Tja, "Beweis" ist ein grosses Wort. Das sind gewachsene, sprich erfundene Geschichten.
(08-08-2025, 17:01)Farius schrieb: - wäre Jesus mit dem Tod am Kreuz gänzlich untergegangen, hätte er den Seinen nicht erscheinen können
Im aeltesten kanonischen Evangelium, dem vom Markus, erscheint Jesus niemandem, wenn wir beruecksichtigen, dass alles hinter Mk 16:8 spaetere Hinzufuegungen sind, wie wir aus den aeltesten erhaltenen Bibelmanuskripten wissen. Und mit jedem Wiedererzaehlen wuchs die Erzaehlung...
(08-08-2025, 17:01)Farius schrieb: - Das Leiden Jesu zur Erlösung der Menschheit stünde in Widerspruch zur Tatsache, dass man nur lösen oder erlösen kann, was vorher gebunden war. "Frieden hinterlasse ich euch ..." heisst zwingend, dass der Mensch resp. dessen Seele vorgeburtlich in Unfrieden mit Gott und seinem Sohn war - will heissen, dass des Menschen Seele beim letzten Leben oder noch früher nicht untergegangen war.

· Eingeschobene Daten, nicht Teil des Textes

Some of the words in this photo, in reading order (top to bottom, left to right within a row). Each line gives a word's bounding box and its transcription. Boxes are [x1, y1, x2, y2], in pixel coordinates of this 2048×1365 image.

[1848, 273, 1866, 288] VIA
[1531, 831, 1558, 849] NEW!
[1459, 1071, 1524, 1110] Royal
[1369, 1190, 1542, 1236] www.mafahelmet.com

Davon weiss wiederum das Evangelium von Lukas nichts.
(08-08-2025, 17:01)Farius schrieb: - dem Leben ist unter solchen so völlig unterschiedlichen Bedingungen kein höherer Sinn abzuringen - und dass Gott, sofern Du seine Existenz anerkennst, eine solch riesige Aufgabe mit der Schaffung des Kosmos, der Erde und des Menschen auf sich nimmt, nur um den Menschen wieder sang- und klanglos untergehen zu lassen, kann ja wohl Deine geschätzte Ansicht nicht sein.
Laesst er ja nicht. Ich weiss jetzt nicht, wie alt Du bist, aber ich sehe die naechste Generation von Menschen den Stab im Staffellauf des Lebens schon uebernehmen. Wie es immer war. Du oder ich haben wohl unseren Teil zu dieser Welt beigetragen, und nun sind andere dran. Wir koennen dafuer sorgen, dass wir ihnen etwas hinterlassen, mit dem sie etwas anfangen koennen. Das ist der Sinn des Lebens.
(08-08-2025, 17:01)Farius schrieb: Gott tut nichts Sinnloses.
Laut Bibel schon. Ansonsten ist das sowieso ein Glaubensbekenntnis auf ein anderes aufgepfropft.
(08-08-2025, 17:01)Farius schrieb: Der Mensch hat keine Seele! Die Seele nimmt von Zeit zu Zeit einen menschichen Körper an!
Falls es so etwas wie eine Seele ueberhaupt geben sollte - was ich bezweifele. Wir sehen ja an Texten wie Kohelet, dass sich hier Menschen Gedanken ueber den Atem gemacht haben; aber diese Uebereinstimmung von "Seele" mit "Atem", die im Hebraeischen oder Griechischen noch vollkommen gegeben ist, ist uns als Bild im Deutschen schlicht verloren gegangen. Und ja, Atem haben wir, solange wir leben. Nur geht der nicht irgendwo Bestimmtes hin, wenn wir sterben.